少年微微蹙眉,心下一動,不動聲色抬起眼睫。
此處怪石嶙峋,四處可見胡亂生長的石頭。
黑黝黝的影子疊了一層又一層,穿過蜿蜒曲折的小道、以及一塊塊錯綜雜亂的石柱,在其中一片陰影下,謝尋非望見秦蘿的影子。

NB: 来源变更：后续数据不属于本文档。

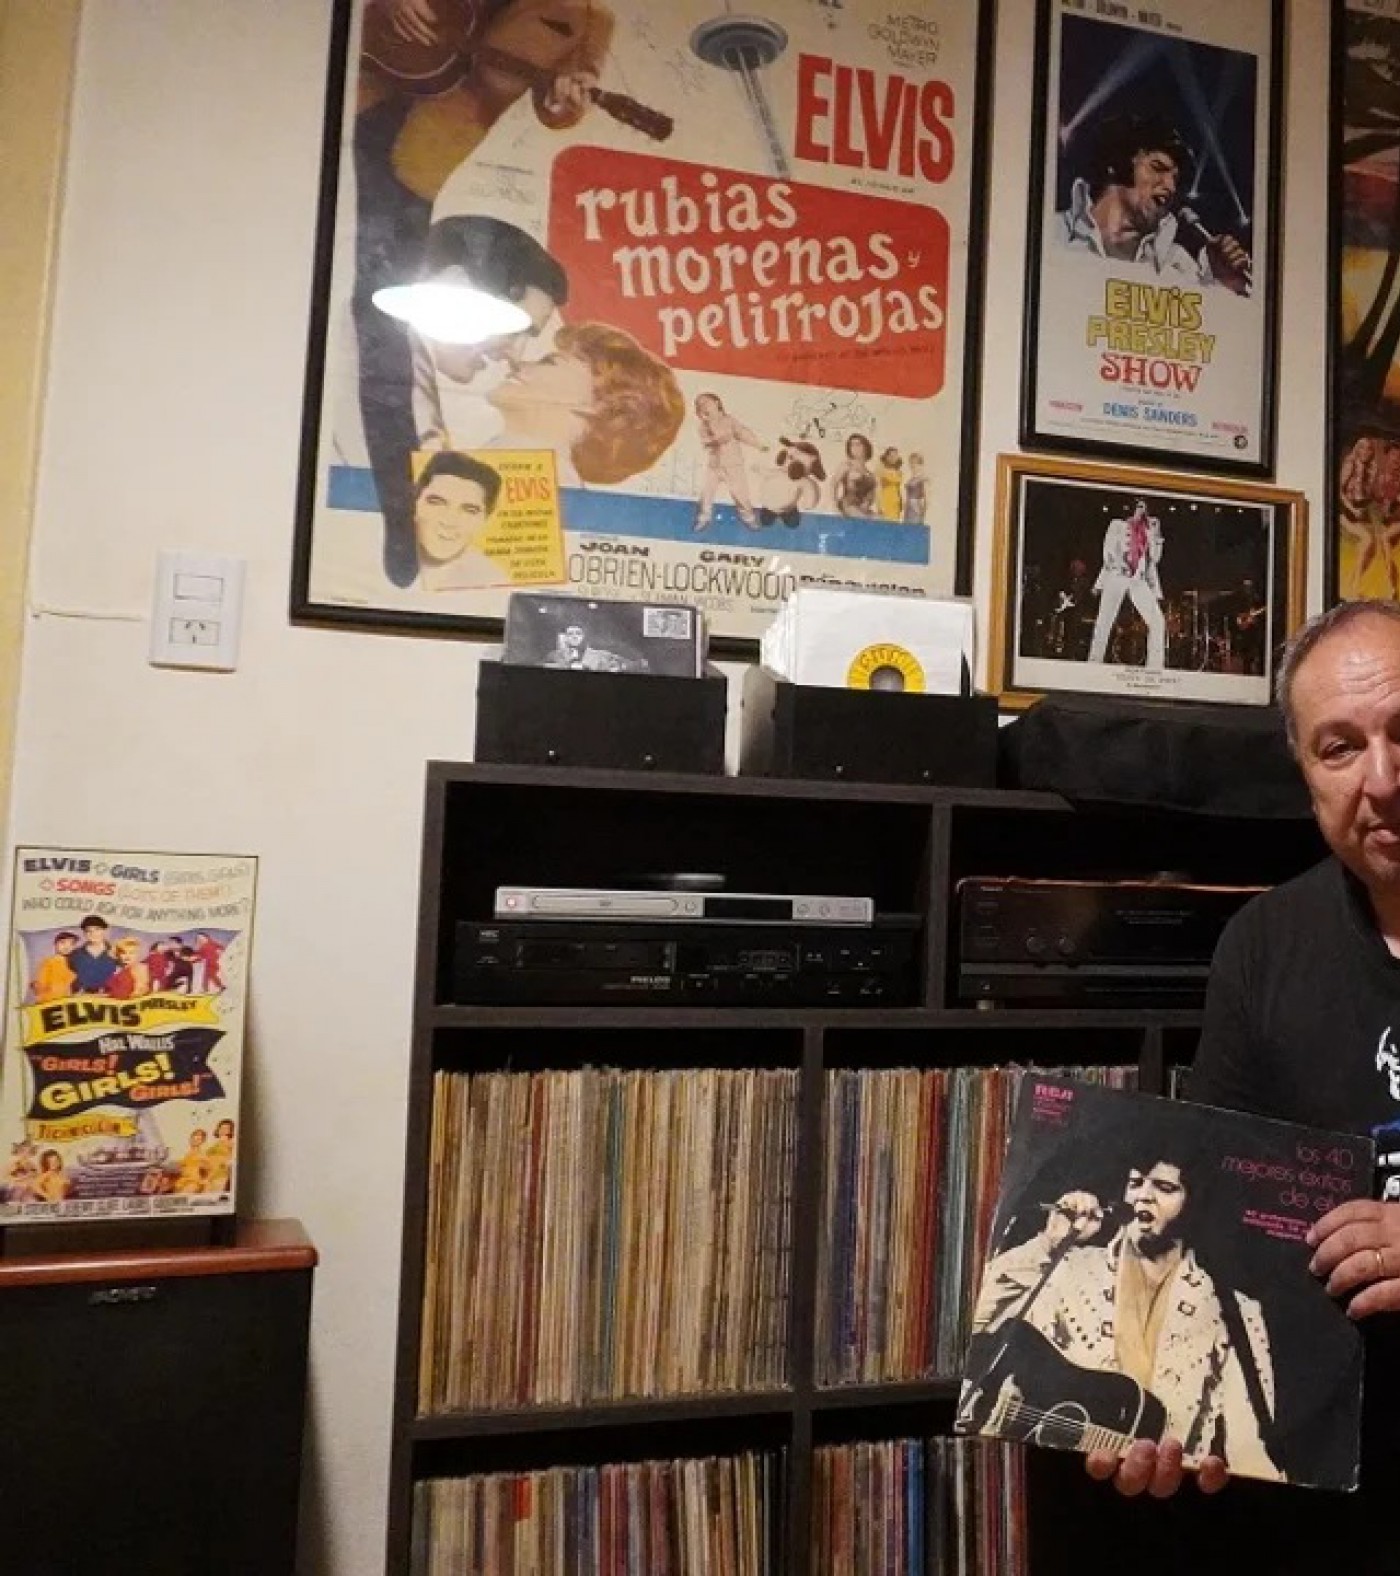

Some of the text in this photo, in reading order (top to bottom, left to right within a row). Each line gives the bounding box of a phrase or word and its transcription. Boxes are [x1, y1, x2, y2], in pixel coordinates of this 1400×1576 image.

[795, 52, 955, 184] ELVIS
[575, 175, 798, 241] rubias
[613, 233, 900, 298] morenas
[658, 285, 944, 358] pelirrojas
[1086, 315, 1216, 363] PRESLEY
[1100, 352, 1203, 392] SHOW
[1102, 401, 1139, 420] DENIS
[1143, 404, 1199, 428] SANDERS
[505, 476, 549, 502] ELVIS
[580, 543, 649, 557] JOAN
[700, 550, 764, 568] GARY
[24, 857, 92, 872] ELVIS
[110, 863, 160, 883] GIRLS
[56, 877, 117, 896] SONGS
[54, 896, 93, 912] COULD
[146, 906, 206, 921] ANYTHING
[41, 998, 198, 1034] ELVIS PRESLEY
[98, 1035, 129, 1054] HAL
[39, 1052, 175, 1111] GIRLS!
[1221, 1156, 1297, 1183] mejores
[1323, 1147, 1354, 1170] 40
[1280, 1187, 1311, 1209] de

她今日穿了條深綠裙子,色澤深郁,幾乎隱沒在石林之中。
少女白皙的雙手裡,捧著只圓滾滾的黑球。
察覺到他的目光,秦蘿咧嘴笑了笑。
「聽說當地的宗門曾與那名邪修撞上,險些全部喪命。」
陸望也對這件事有所耳聞,斂眉沉聲:「據他們所言,那位邪修擁有操控死物之力,一旦與他撞上,面臨的對手恐怕不止一個。」
謝尋非淺淺吸一口氣,給自己默默下了個清心訣。
抱著兔子的一雙手仍舊不安分,將魔氣團團放在掌心,指腹輕輕擦過側臉。
他兒時對於魔氣的掌控,遠遠不如現在這般靈活熟稔,在魔氣的感知上,自然也遲鈍許多。
送給秦蘿的那一團,並非他戰鬥時所用的氣息,而是取自識海深處——最純淨無害,與謝尋非的關聯也最為緊密。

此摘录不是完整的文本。